Q&A with Victoria Hislop, all about Maria's Island
What inspired you to write Maria's Island?
My first adult novel, The Island, came out more than fifteen years ago, and has sold more than 6 million copies around the world. It is the story of a leper colony in Greece during the 1940s and 50’s – and embraces many themes that people often shy away from: stigma, shame, fear.
It was a conversation with a school teacher here in Crete that planted the seed in my mind. She said that she would love to introduce her pupils (around 8 – 10 years old) to this novel and all the themes in it, but felt it was too adult. It got me thinking immediately!
I began to draft a children’s version. It came very easily. Some of the central characters, even in the adult version, are children! I focused on Maria and her best friend, Dimitris, so I hope boys will feel as connected with the story as girls.
How would you suggest primary teachers use this book?
For younger readers (from 8 above), I think it might be a good text to read aloud to the class. It will invite questions about some difficult issues – loss, stigma, being an outcast (which of course is not confined to leprosy sufferers). Some of the events in Maria’s Island might remind children of things that they have experienced perhaps for the first time during the past year with Covid-19. The words “isolation” and “pandemic” are probably new to their vocabulary.
Many children have lost a grandparent because of Covid-19, or have not been able to visit them or hug them for a very long time. And this experience was very similar for the children in Maria’s Island.
What motivated you to begin a career in writing?
A visit to the island of Spinalonga in 2001 was the inspiration for writing The Island. I was a travel journalist at the time and had no intention of writing a novel. Spinalonga changed all that as I found it a very powerful and unsettling experience. I began writing the story the next day.
My impression of the place was that hundreds of people had gone there with an incurable disease, but nevertheless they had formed a strong and positive-thinking community. They were determined to survive as long as possible. Only when the cure came in 1957 were those who had survived allowed to leave. Up until that time hundreds of them had died.
Historically, it was a story of hope and courage – and I wanted to write about it in a purely fictional way, which is what I did, creating characters from my imagination.
What are the major influences in your work and how do you decide on your subjects?
Greece is the most major influence. I find ideas and stories everywhere I look – inspiration in other words. I am always strongly inspired by places – I think places can have a very strong atmosphere – and have their own stories to tell. I think they always absorb everything that happens in them – whether that is a house, or a village. Human traces are still evident – not just in physical remains but in the atmosphere that is left behind. Some people might call these “ghosts” - though I don’t really think of them that way.
I was quite difficult when I was a child if we went to stay somewhere new.

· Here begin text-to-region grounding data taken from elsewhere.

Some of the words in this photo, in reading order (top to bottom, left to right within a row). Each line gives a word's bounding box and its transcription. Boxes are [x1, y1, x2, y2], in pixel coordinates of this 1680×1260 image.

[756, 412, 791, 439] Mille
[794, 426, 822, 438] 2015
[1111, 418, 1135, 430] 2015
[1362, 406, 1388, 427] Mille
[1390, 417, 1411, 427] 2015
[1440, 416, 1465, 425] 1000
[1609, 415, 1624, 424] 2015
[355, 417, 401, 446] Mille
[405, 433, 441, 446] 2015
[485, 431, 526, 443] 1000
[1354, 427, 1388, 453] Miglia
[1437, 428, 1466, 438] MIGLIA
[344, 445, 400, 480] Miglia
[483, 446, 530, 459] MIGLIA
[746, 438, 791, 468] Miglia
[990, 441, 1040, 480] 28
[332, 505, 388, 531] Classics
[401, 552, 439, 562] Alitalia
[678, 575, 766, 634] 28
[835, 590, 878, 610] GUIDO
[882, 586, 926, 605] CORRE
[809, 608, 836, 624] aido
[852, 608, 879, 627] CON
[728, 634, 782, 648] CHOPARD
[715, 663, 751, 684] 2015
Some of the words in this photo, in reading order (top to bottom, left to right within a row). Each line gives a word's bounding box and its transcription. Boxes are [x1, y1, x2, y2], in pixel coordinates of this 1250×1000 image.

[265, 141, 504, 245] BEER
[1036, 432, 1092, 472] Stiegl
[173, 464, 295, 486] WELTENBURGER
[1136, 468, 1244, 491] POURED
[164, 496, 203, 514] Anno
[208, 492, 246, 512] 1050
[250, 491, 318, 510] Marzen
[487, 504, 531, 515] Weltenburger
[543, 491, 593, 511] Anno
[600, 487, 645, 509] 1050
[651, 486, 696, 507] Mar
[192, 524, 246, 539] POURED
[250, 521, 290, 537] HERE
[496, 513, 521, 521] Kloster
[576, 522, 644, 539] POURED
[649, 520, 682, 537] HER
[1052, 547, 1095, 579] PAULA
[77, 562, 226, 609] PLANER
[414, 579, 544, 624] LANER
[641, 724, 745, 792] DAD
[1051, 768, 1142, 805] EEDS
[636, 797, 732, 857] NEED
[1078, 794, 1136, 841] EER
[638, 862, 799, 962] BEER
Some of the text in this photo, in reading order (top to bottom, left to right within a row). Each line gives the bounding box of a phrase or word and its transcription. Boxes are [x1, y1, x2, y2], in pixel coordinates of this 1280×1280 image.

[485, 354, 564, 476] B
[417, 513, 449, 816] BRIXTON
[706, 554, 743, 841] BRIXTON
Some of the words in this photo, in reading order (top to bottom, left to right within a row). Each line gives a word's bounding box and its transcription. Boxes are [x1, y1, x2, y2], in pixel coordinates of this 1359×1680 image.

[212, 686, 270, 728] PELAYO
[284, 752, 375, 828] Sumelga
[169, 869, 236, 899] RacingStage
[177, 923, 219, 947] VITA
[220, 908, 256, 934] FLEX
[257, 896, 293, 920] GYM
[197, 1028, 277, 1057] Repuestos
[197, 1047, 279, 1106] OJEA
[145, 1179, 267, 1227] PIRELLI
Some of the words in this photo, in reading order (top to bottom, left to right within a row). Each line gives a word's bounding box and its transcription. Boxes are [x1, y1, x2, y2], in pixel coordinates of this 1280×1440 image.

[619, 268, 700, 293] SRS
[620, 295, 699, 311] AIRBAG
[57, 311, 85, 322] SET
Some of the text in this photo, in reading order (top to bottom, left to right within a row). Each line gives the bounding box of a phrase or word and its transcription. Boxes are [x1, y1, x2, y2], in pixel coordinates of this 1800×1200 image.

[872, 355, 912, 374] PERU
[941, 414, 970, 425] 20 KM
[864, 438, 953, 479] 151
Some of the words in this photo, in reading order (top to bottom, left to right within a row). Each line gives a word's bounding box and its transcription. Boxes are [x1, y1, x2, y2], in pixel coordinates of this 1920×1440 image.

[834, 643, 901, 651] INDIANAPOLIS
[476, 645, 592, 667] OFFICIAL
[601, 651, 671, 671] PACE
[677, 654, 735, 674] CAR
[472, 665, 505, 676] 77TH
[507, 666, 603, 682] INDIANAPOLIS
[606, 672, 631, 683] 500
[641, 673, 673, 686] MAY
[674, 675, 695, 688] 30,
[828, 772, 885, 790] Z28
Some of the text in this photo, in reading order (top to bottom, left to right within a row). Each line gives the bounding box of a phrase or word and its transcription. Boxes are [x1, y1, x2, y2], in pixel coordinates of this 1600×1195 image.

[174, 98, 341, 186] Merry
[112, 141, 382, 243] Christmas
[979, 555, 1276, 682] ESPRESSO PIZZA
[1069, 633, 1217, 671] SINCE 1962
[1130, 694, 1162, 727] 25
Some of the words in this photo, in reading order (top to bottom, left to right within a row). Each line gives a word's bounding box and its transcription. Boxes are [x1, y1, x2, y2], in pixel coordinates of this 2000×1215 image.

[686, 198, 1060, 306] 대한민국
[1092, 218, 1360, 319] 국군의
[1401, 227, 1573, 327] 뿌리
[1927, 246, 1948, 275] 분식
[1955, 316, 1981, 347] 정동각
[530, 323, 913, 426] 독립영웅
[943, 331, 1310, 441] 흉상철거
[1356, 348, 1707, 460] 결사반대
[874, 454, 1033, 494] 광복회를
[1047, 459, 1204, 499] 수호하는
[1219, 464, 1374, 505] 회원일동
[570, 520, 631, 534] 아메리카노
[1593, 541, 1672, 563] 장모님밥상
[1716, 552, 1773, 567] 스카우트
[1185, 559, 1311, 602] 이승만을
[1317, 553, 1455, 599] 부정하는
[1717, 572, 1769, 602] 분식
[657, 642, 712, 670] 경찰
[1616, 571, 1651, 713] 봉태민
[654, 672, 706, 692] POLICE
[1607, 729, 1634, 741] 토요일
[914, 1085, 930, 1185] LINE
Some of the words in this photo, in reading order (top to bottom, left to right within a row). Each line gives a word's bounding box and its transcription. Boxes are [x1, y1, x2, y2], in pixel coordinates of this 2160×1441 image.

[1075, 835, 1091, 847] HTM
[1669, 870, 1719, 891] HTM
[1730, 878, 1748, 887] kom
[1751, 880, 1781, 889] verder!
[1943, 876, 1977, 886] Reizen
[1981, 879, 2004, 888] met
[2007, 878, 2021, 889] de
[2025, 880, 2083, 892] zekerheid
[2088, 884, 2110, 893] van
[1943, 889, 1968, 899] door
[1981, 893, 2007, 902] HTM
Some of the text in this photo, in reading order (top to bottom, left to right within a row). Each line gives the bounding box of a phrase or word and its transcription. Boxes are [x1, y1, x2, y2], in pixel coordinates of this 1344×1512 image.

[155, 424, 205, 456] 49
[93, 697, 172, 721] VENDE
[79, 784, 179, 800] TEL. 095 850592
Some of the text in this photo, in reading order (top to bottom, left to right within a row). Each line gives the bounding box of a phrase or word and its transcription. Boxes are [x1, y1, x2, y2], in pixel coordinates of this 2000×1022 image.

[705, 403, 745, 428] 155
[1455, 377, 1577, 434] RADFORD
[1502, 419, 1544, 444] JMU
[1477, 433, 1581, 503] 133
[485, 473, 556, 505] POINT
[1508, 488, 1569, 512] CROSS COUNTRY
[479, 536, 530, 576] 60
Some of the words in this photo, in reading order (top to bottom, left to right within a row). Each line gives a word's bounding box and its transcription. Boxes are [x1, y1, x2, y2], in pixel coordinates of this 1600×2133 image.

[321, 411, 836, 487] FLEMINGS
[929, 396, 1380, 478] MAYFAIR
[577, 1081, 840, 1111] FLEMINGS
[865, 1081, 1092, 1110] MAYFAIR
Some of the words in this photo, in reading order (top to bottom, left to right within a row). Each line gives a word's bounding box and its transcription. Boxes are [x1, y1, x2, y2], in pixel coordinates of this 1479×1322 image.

I remember one or two places where I was very convinced that something bad had happened there and I nagged my parents until we left. I have never seen a ghost – but I have definitely felt negative vibes! But I have also felt some very positive ones too – and those create really good feelings.
So in my view, a place always has a story – even if you don’t know exactly what it is, the atmosphere always helps you to imagine and write.
So it was with Spinalonga – there was a contradiction between:
a) the fact “People were sent there with an incurable disease” and
b) the experience “This was a happy place for many, with flowers and houses and shops and a church”
Gill Smith was the perfect illustrator to bring this story to life – as she had not been to Crete where it is set, and so when she came out to find visual inspiration - she came with very open eyes. And was charmed by everything she saw.
The wonderful thing about the area where the book is set, is that the villages there haven’t changed for decades. It is almost like stepping back in time. Gill was able to capture the mood and the aesthetic of the 1940s/50s perfectly. We opened up small ethnographical museums for her so that she could take in the detail of the kind of embroidery that was popular then, the clothes, even the cooking utensils. So every detail in her illustrations has a real base in reality – and is, at the same time, rather charming and magical.
Which books had a lasting impact on you as a child and why?
If there is one book that I remember more vividly than any other it is I am David by Anne Holm. A 12-year-old boy has grown up inside a concentration camp – so he is unfamiliar with every aspect of what we might call “normal” life. When he is allowed to escape, he travels across Europe to try and find his family. It is incredibly vivid, shocking and also tender. As an eight-year-old listening to my teacher reading this book, I understood how one relates a story to oneself – as well as hearing it on an objective level. I stepped inside David’s “shoes” as he made his way alone across the continent. It was the first time I felt the power of a story.
I never felt any sense of identification with all the other books that we were reading as children – Ballet Shoes, Swallows and Amazons, the Famous Five, I didn’t feel any connection with any of those characters. Then came Agatha Christie and after that Wuthering Heights – and I was hooked!